Data for the task:
- - - -

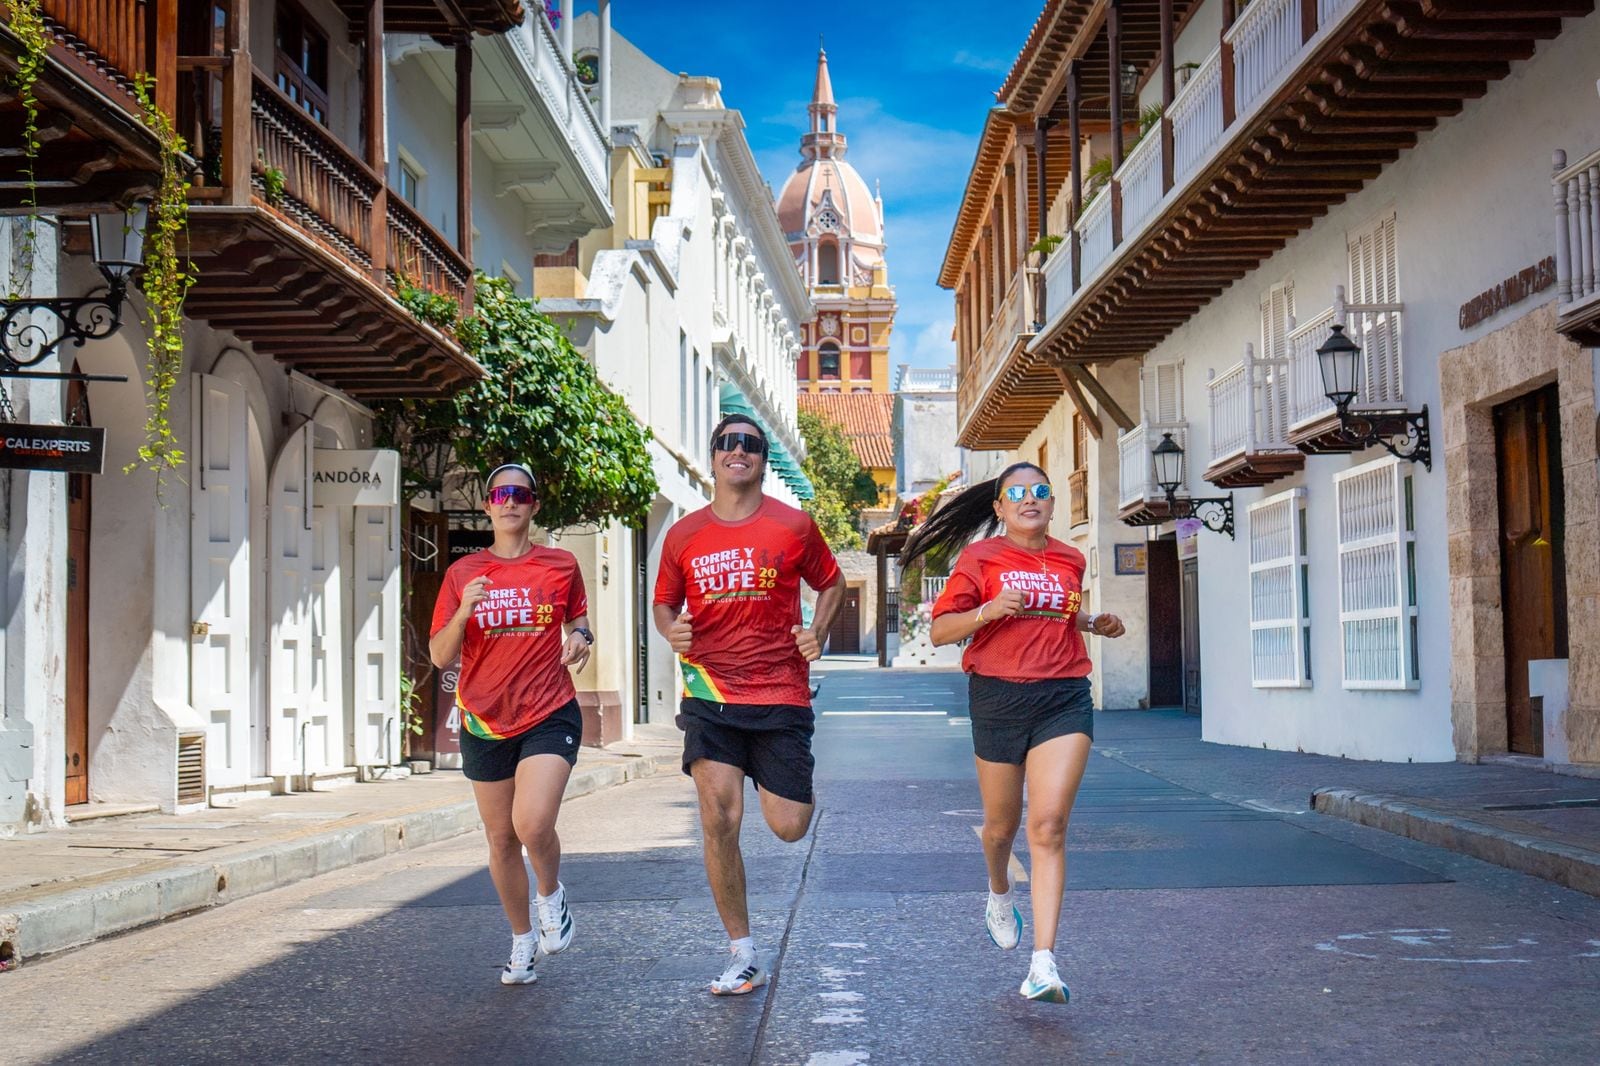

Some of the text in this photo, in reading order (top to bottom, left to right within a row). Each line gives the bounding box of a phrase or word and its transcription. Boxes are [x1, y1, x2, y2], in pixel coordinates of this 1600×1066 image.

[32, 439, 90, 452] EXPERTS
[313, 467, 382, 483] ANDORA
[691, 547, 755, 568] CORRE Y
[694, 558, 755, 578] ANUNCIA
[758, 567, 778, 578] 20
[1000, 570, 1059, 582] CORRE Y
[694, 571, 756, 594] TU FE
[758, 579, 776, 588] 26
[1002, 580, 1064, 592] ANUNCIA
[487, 588, 531, 599] RRE Y
[1067, 591, 1081, 602] 20
[474, 597, 532, 612] ANUNCIA
[1036, 592, 1065, 610] FE
[536, 604, 554, 614] 20
[1065, 602, 1079, 613] 26
[475, 608, 534, 628] TU FE
[536, 614, 553, 624] 26
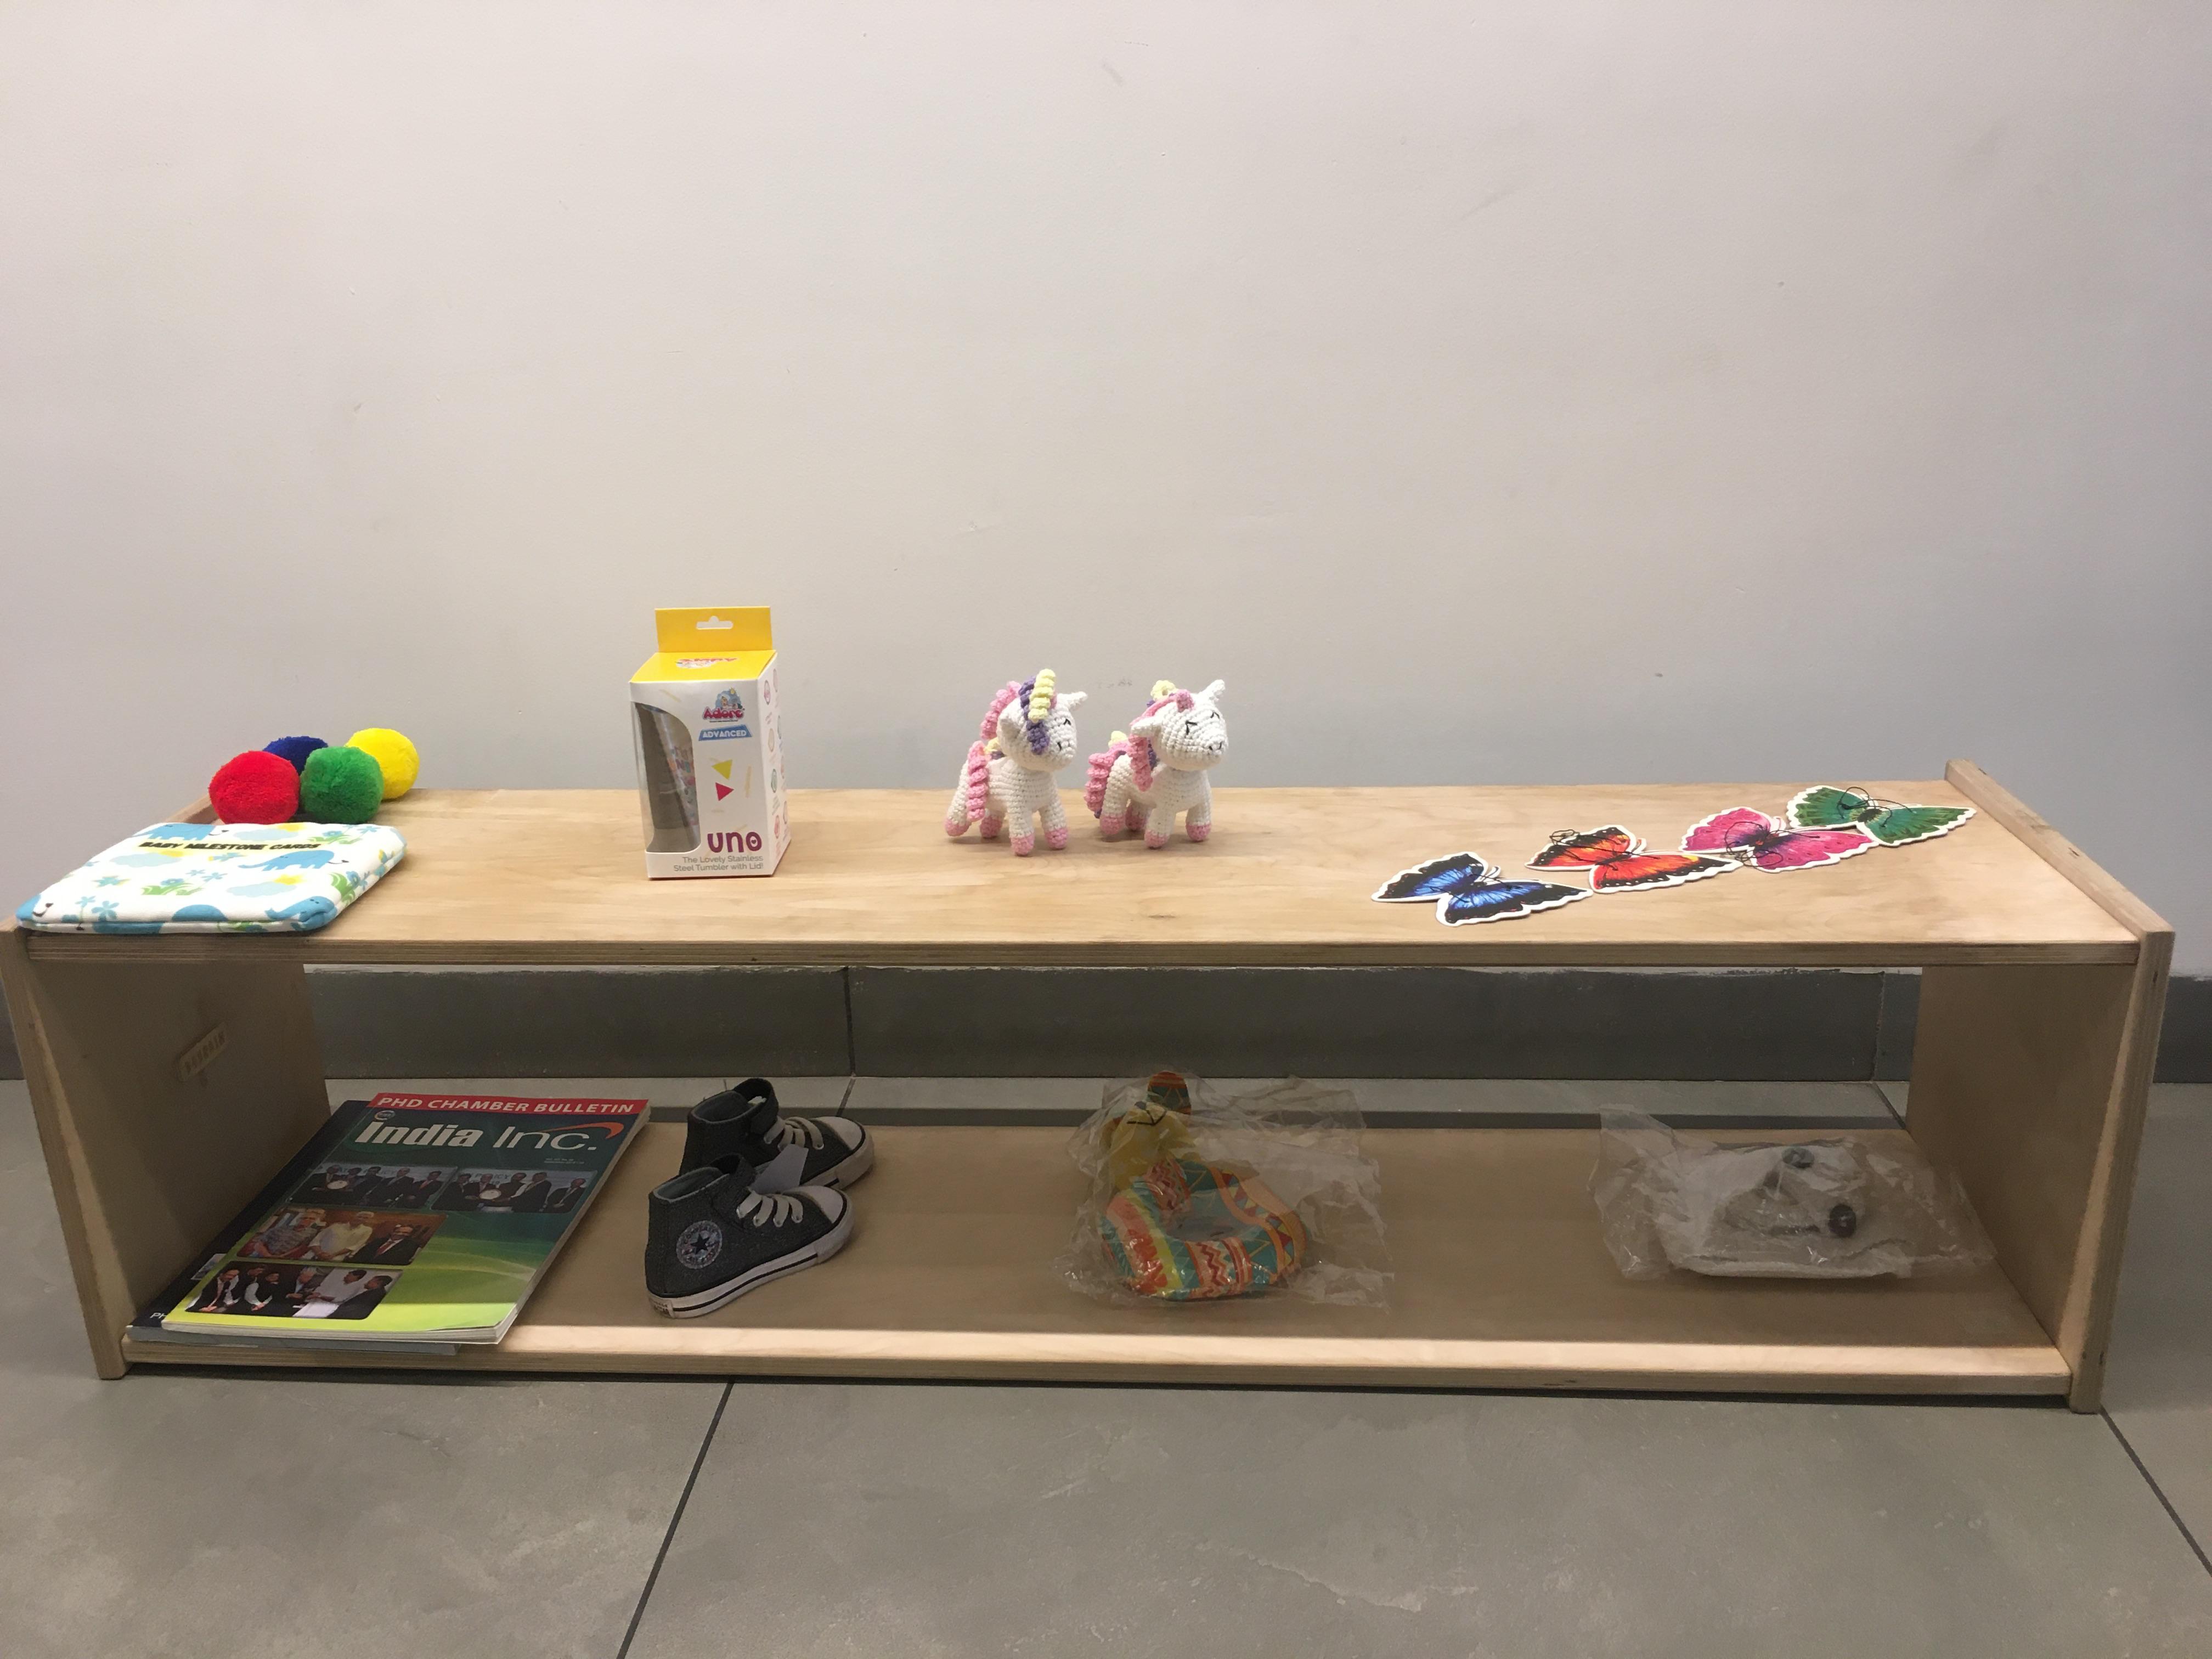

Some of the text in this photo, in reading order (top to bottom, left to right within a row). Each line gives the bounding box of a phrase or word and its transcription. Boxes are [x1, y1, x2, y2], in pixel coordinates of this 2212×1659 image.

[703, 707, 744, 719] Adore
[702, 730, 747, 738] ADVANCED
[699, 855, 726, 864] Lovely
[727, 854, 764, 862] Stainless
[377, 1097, 634, 1113] PHD CHAMBER BULLETIN
[354, 1121, 597, 1150] India Inc.

- - - -

What the task asks: Images stay out, but the rest of the records must be retyped exactly.

Written reply:
Some of the text in this photo, in reading order (top to bottom, left to right within a row). Each line gives the bounding box of a phrase or word and its transcription. Boxes are [x1, y1, x2, y2], in pixel coordinates of this 1600×1066 image.

[32, 439, 90, 452] EXPERTS
[313, 467, 382, 483] ANDORA
[691, 547, 755, 568] CORRE Y
[694, 558, 755, 578] ANUNCIA
[758, 567, 778, 578] 20
[1000, 570, 1059, 582] CORRE Y
[694, 571, 756, 594] TU FE
[758, 579, 776, 588] 26
[1002, 580, 1064, 592] ANUNCIA
[487, 588, 531, 599] RRE Y
[1067, 591, 1081, 602] 20
[474, 597, 532, 612] ANUNCIA
[1036, 592, 1065, 610] FE
[536, 604, 554, 614] 20
[1065, 602, 1079, 613] 26
[475, 608, 534, 628] TU FE
[536, 614, 553, 624] 26

Some of the text in this photo, in reading order (top to bottom, left to right within a row). Each line gives the bounding box of a phrase or word and its transcription. Boxes are [x1, y1, x2, y2], in pixel coordinates of this 2212×1659 image.

[703, 707, 744, 719] Adore
[702, 730, 747, 738] ADVANCED
[699, 855, 726, 864] Lovely
[727, 854, 764, 862] Stainless
[377, 1097, 634, 1113] PHD CHAMBER BULLETIN
[354, 1121, 597, 1150] India Inc.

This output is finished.